È prorogata invece fino al 31 dicembre 2021, la detrazione del 50% delle spese sostenute (fino a un massimo di 96.000 euro) per gli interventi per l’adeguamento antisismico e la messa in sicurezza degli immobili adibiti sia ad abitazione che ad attività produttive. La detrazione avviene in 5 anni, è estesa anche agli immobili ubicati in zona sismica 3 (dove forti terremoti possono verificarsi anche se raramente) e può arrivare fino al 70% o 80% nel caso di interventi che consentano una diminuzione di una o due classi di rischio.

Condomìni.
L’ecobonus, nel caso di interventi alle parti comuni degli edifici condominiali (anche di proprietà degli IACP) e o a tutte le unità immobiliari di cui si compone il singolo condominio, oltre a essere prorogato fino al 31 dicembre 2021, consente la detrazione delle spese sostenute al 65%, che sale al 70% se gli interventi interessano l’involucro dell’edificio, e al 75% se finalizzati a migliorarne la prestazione energetica invernale ed estiva; mentre il sisma bonus, per interventi sulle parti comuni di edifici condominiali, spetta nella misura del 75% o del 85%, a seconda che gli interventi consentano la diminuzione di una o due classi di rischio.

Cessione del credito.
Per gli interventi sulle parti comuni degli edifici condominiali è prevista la possibilità, per i soggetti beneficiari delle agevolazioni in alternativa alla detrazione fiscale, di cedere il corrispondente credito ai fornitori che hanno eseguito i lavori, o ad altri soggetti privati, con la facoltà di successiva cessione del credito. Per quanto riguarda le spese relative ad interventi di riqualificazione energetica questa possibilità, per i cosiddetti contribuenti incapienti (pensionati, dipendenti e autonomi che si trovano nella no tax area), sarà possibile la cessione anche agli istituti di credito e intermediari finanziari. Grazie alla cessione del credito, nel caso di interventi di riqualificazione energetica un singolo condòmino, per una spesa individuale complessiva di 10.000 euro, effettivamente paga 2.500 euro, nel caso di misure antisismiche con un passaggio di classe di rischio di 2 punti solo 1.500!

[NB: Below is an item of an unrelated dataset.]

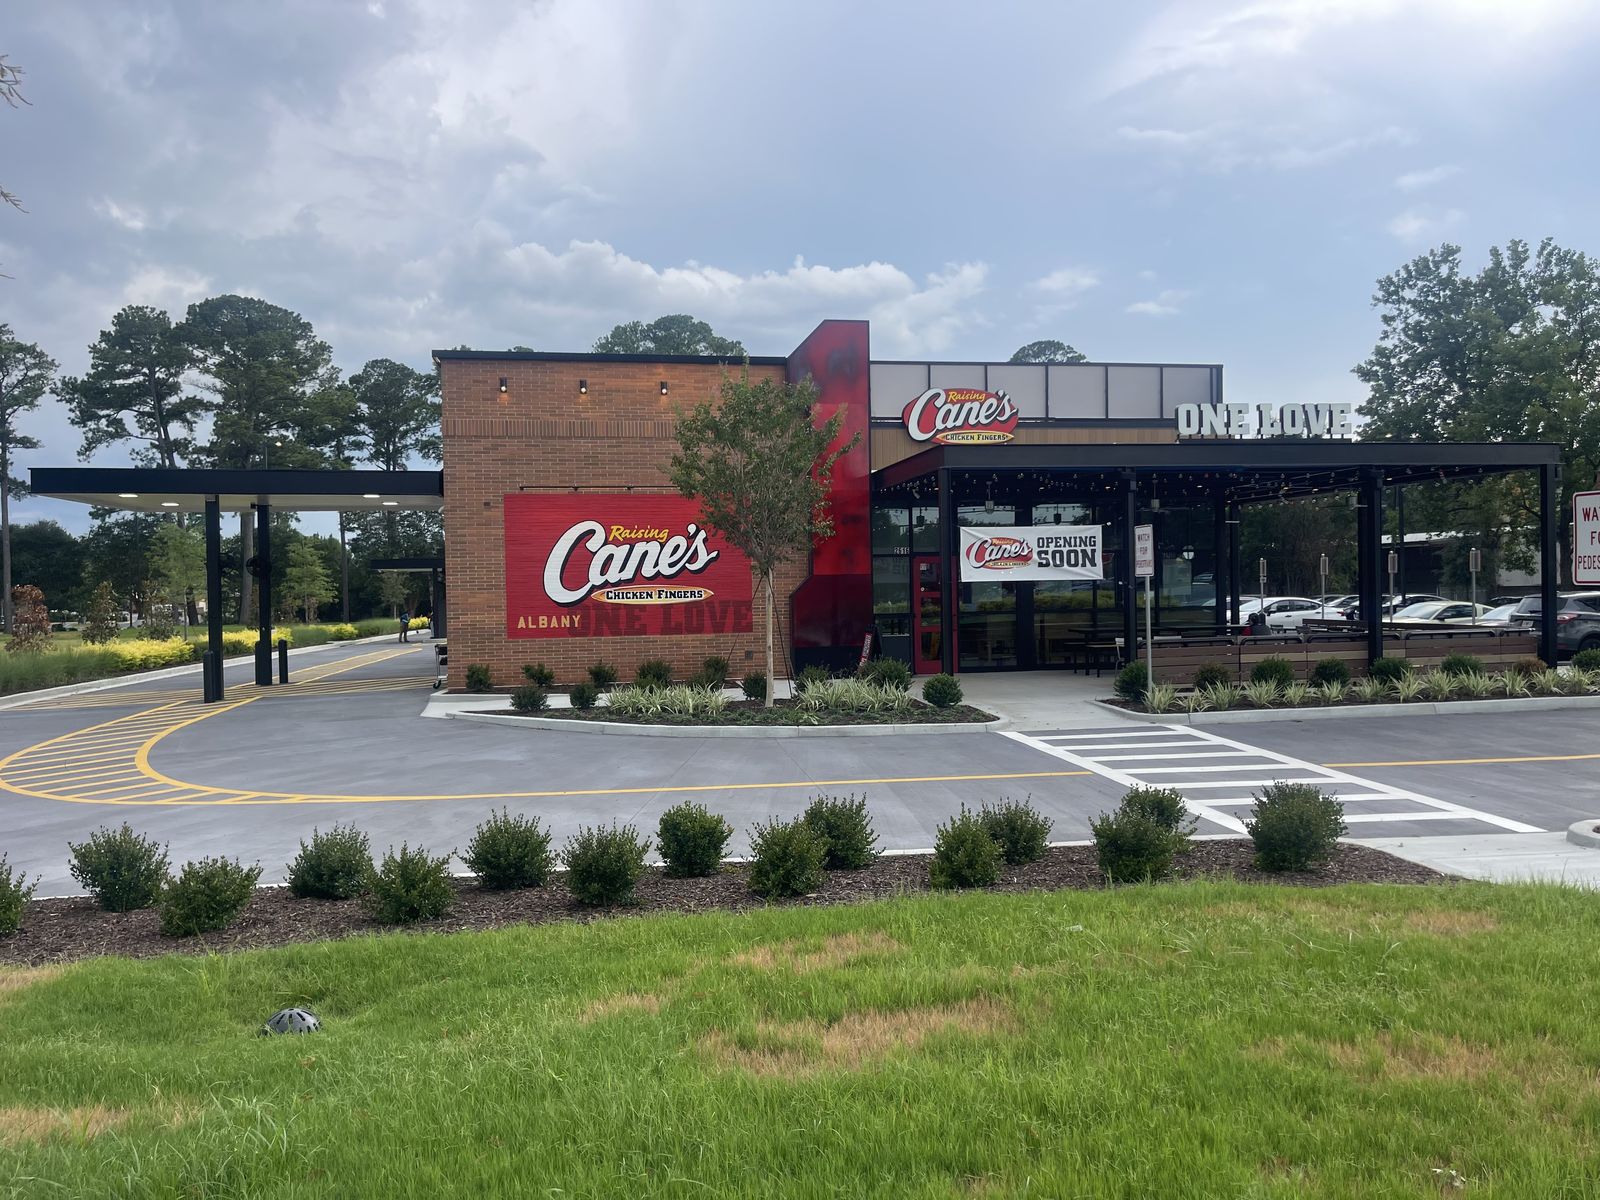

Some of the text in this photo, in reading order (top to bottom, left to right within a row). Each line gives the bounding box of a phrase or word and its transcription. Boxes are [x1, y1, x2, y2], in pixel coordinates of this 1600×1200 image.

Acquisto case antisismiche.
Dal 2017, e fino a tutto il 2021, nei comuni ricadenti nella zona sismica a più alta pericolosità (zona 1), a chi acquista da un’impresa di costruzione o ristrutturazione un immobile interamente demolito e ricostruito, anche con variazione volumetrica, con criteri antisismici, spetta – entro un ammontare massimo di spesa di 96.000 euro – la detrazione fiscale del 75% o dell’85%, a seconda che gli interventi di demolizione e di ricostruzione abbiano determinato il passaggio di una o di due classi inferiori di rischio. Gli acquirenti possono optare, in luogo della detrazione, per la cessione del corrispondente credito alle imprese che hanno effettuato gli interventi ovvero ad altri soggetti privati, con la facoltà di successiva cessione del credito.